The magic of downsampling

2021-03-13 4 minute read

It’s time for another mapping post! For a recent project, I wanted to plot some very highly resolved raster data with ggplot2, but I ran into a hiccup. In case it’s useful to someone else, here’s what I learned.

First, some setup:

library(terra) # Raster package, successor to raster
library(tidyverse) # Data manipulation and visualization (includes ggplot2)
library(sf) # Spatial work
library(cowplot) # theme_map
library(rnaturalearth) # World shapefile

knitr::opts_knit$set(message = F, warning = F, cache = T)

theme_set(theme_map()) # We're only going to be making maps, so just set the theme here.

Note that I load the new-ish terra rather than the usual, and now venerable, raster package. terra is the successor to raster, and in general it’s much, much faster (because its written in C++). But everything I do below with terra could be done with raster instead.

For this exercise, we’ll use the Natural Earth II (downloaded here and described in detail here). It’s a raster of what the earth might look like without humans. Hopefully not a projection. It’s a 1:10m, world-wide raster, which means that each cell represents a very small chunk of the earth. So there are a LOT of chunks. More than 230 million to be exact.

First, we’ll load the raster and try to plot it. Will it work?

tr <- terra::rast("~/Downloads/large-raster/NE2_HR_LC/NE2_HR_LC.tif")[[1]]
plot(tr)

Wow, looks great! And it plotted in less than a second. How did plot (actually terra::plot) display hundreds of millions of pieces of information so quickly? It didn’t, it turns out. Through the magic of downsampling (or aggregating, or downscaling, or …), the function cleverly takes averages over larger areas, effectively creating a coarser raster with fewer cells.
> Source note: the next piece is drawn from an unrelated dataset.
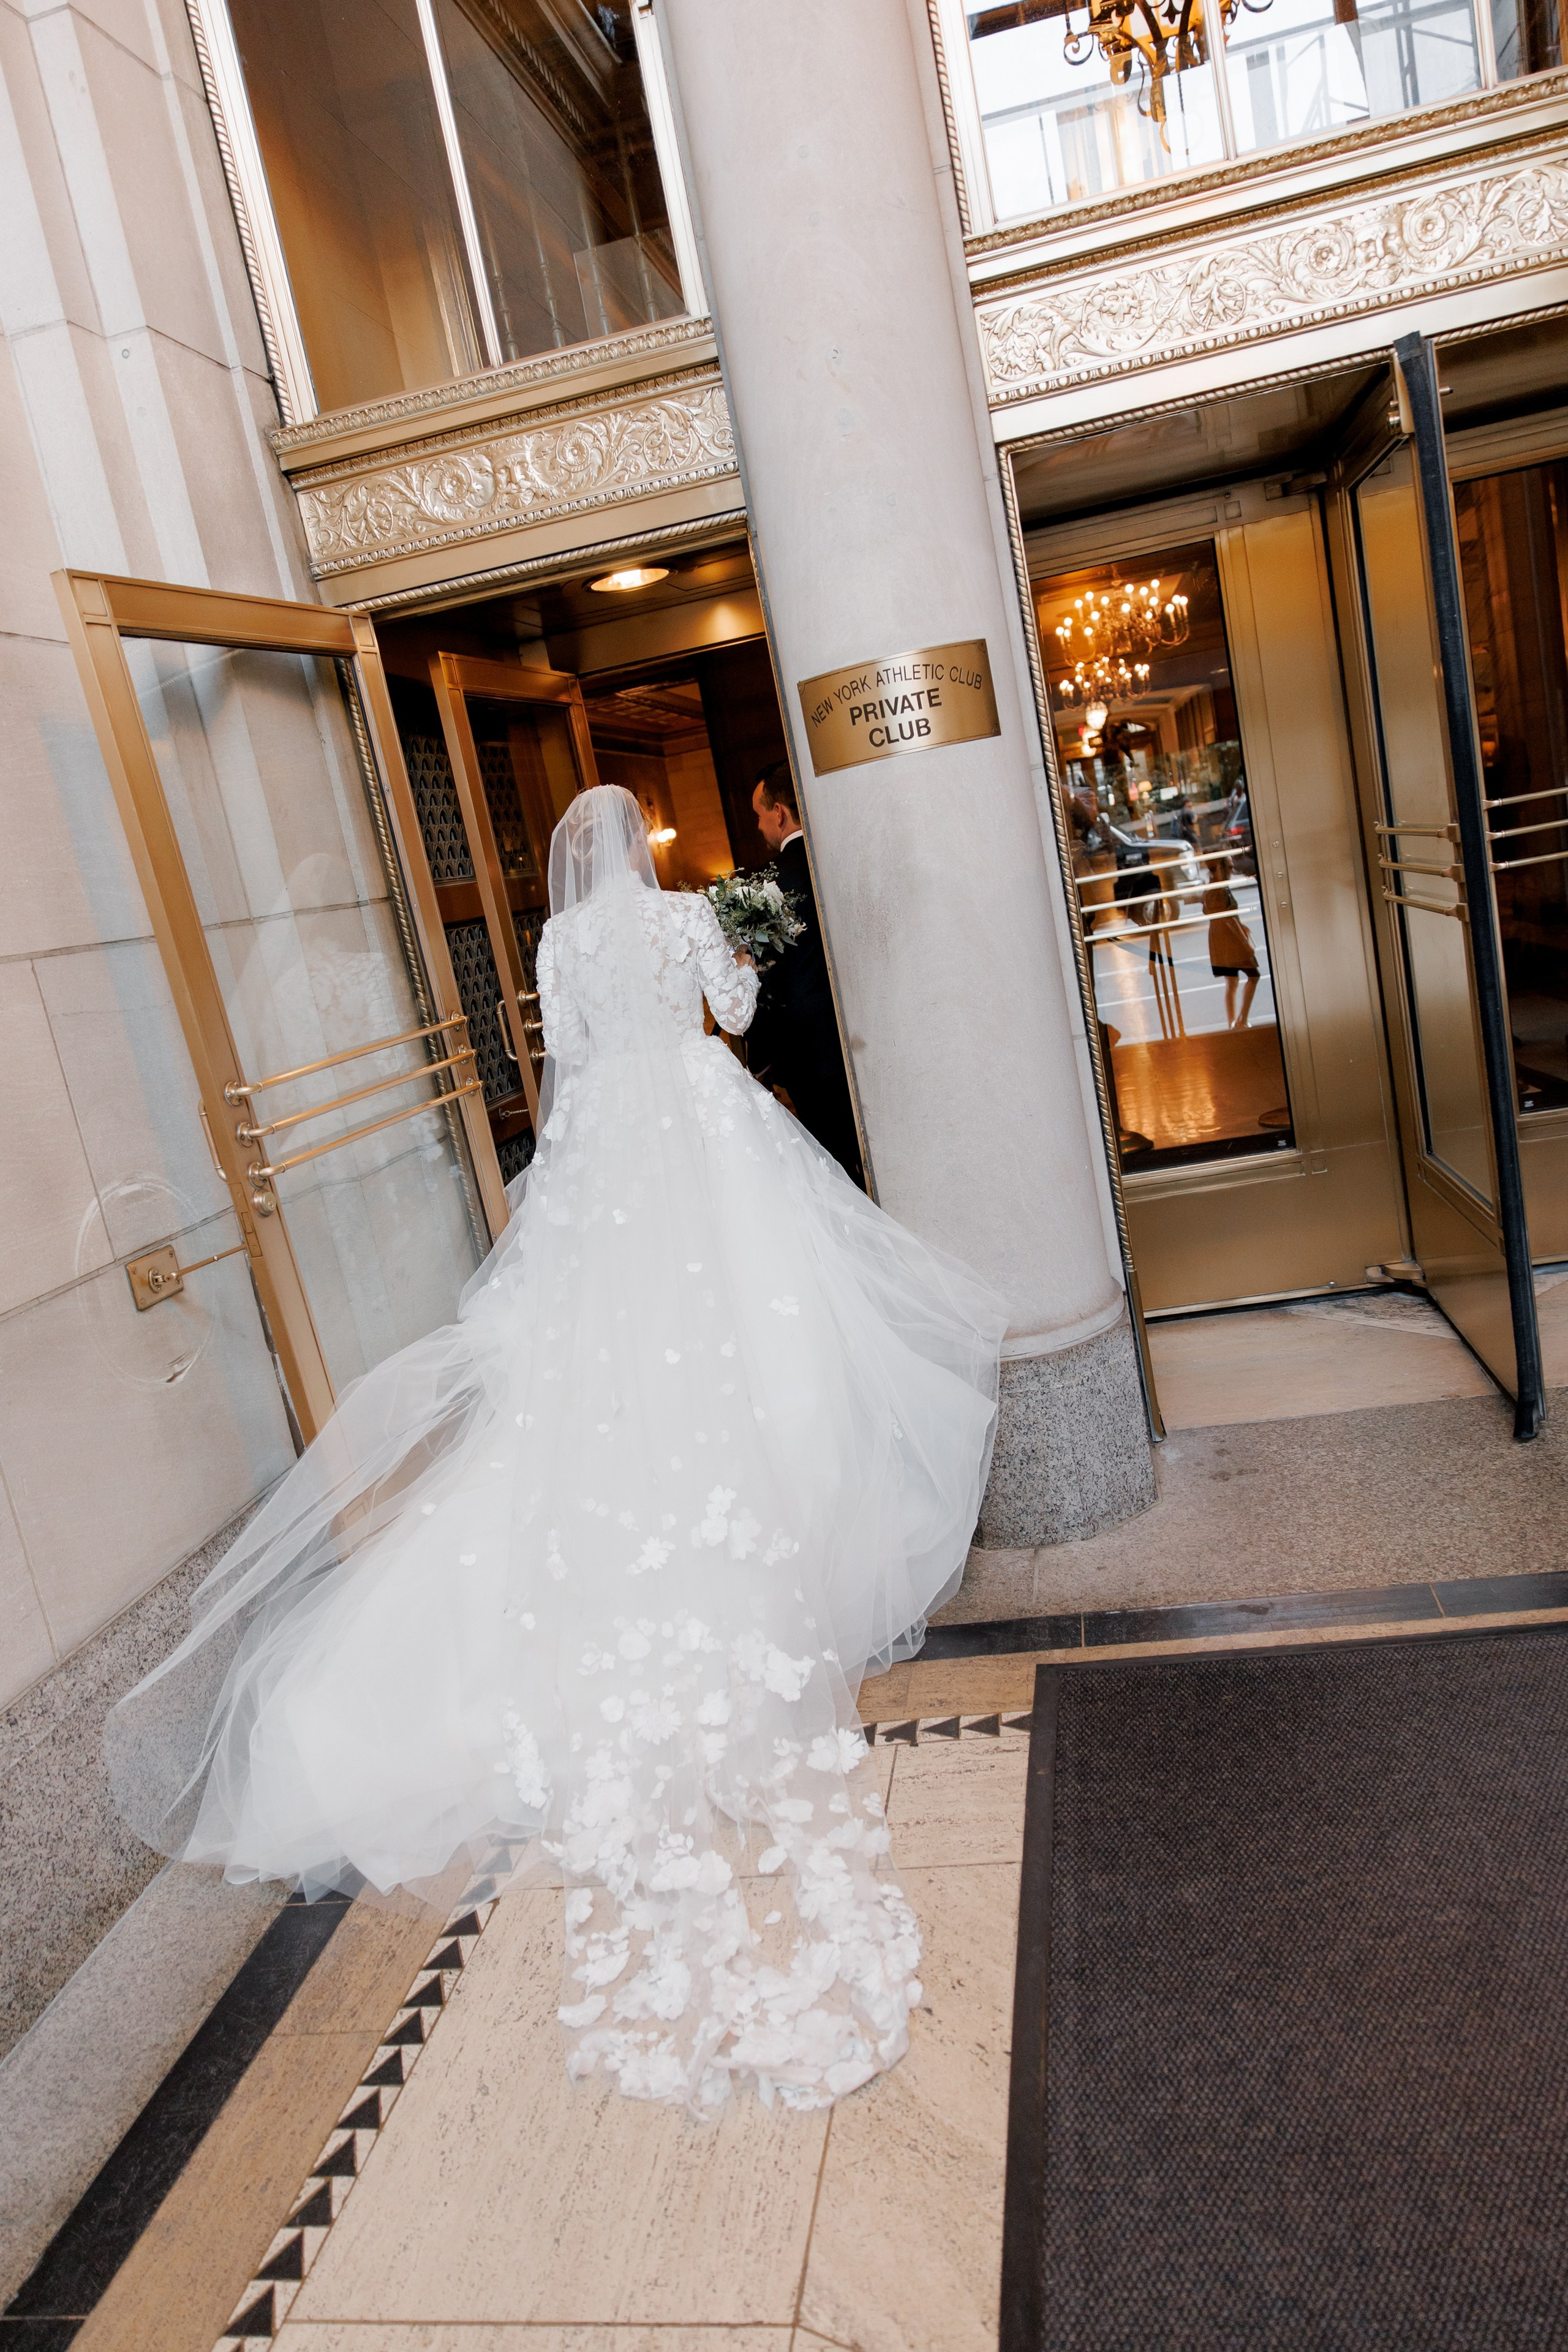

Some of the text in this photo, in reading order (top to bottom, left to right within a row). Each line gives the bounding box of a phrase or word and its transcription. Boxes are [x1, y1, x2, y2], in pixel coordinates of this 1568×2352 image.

[810, 664, 982, 728] NEW YORK ATHLETIC CLUB
[849, 687, 942, 726] PRIVATE
[869, 718, 931, 747] CLUB
This makes no difference visually, since neither the human eye nor your monitor is capable of detecting or displaying the differences between the very tiny cells represented by the true data at this scale. So what is downsamping actually doing? Borrowing a visual from here:

You can think of the downsampling operation as converting a high-resolution raster like (a), above, into (b) by taking some summary (above, a mean) over sets of cells. By summarizing many cells into fewer cells, it leaves plot with a lot less work to do.
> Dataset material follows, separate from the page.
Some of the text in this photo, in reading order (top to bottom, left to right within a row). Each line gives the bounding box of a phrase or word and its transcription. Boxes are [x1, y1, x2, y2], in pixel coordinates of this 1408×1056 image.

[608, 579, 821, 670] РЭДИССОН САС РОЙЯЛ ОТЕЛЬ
But, let’s say you’ve taken great pains to produce all of your other figures using the consistent visual styling offered by ggplot2. You might feel inexplicably compelled to try to want to plot this map using ggplot as well. Fortunately, this is doable, at least in principle: you can simply convert, or “fortify”, the raster to data.frame that ggplot can use. Here’s how we would do that:

# tr_df <- as.data.frame(tr, xy = T)
# nrow(tr_df) 

Why is that commented out? Because it takes a long time (and screws up my knitr process). What happened? Remember those 230m+ cells? If we fortify that raster, it becomes a massive, 230 million row data.frame. This is a big problem, because ggplot is not going to be able to plot all of these in a reasonable amount of time (take my word for it…).

So what can we do? One option is to take a page out of the terra playbook and downsample ourselves. We’ll use the function terra::aggregate with a factor of 10 both horizontally and vertically, which should reduce the total cells by a factor of 100.

tr_a <- terra::aggregate(tr, fact = 10)
tr_a_df <- as.data.frame(tr_a, xy = T)
nrow(tr_a_df)
## [1] 2332800

Now we have 2 rather than 233 million rows. This is a lot, but actually well within the capabilities of ggplot2::geom_raster. Let’s take a look:

ggplot(tr_a_df, aes(x = x, y = y, fill = NE2_1)) + 
  geom_raster() + 
  scale_fill_viridis_c(direction = -1)

To see how this can be useful, we’ll download a shapefile of the countries of the world.

world <- rnaturalearth::ne_countries(scale = "small", returnclass = "sf")
ggplot(world) + geom_sf()

Next, we’ll reproject the raster to the same projection as as the world shapefile and aggregate and fortify again.

tr_p <- terra::project(tr, st_crs(world)$proj4string)
tr_p_a <- terra::aggregate(tr_p, fact = 10)
tr_p_a_df <- as.data.frame(tr_p_a, xy = T)

And plot, this time with country boundaries.

ggplot(world) + 
  geom_raster(data = tr_p_a_df, mapping = aes(x = x, y = y, fill = NE2_1)) + 
  geom_sf(colour = alpha("white", 0.5), fill = NA) + 
  scale_fill_viridis_c(direction = -1)

Converting the raster into a ggplot-compatible object opens up a whole world of visualization, but we’ll stop here for now. I hope this has given you a sense for how to smoothly integrate large spatial rasters with your usual ggplot2 and sf spatial work. Happy mapping!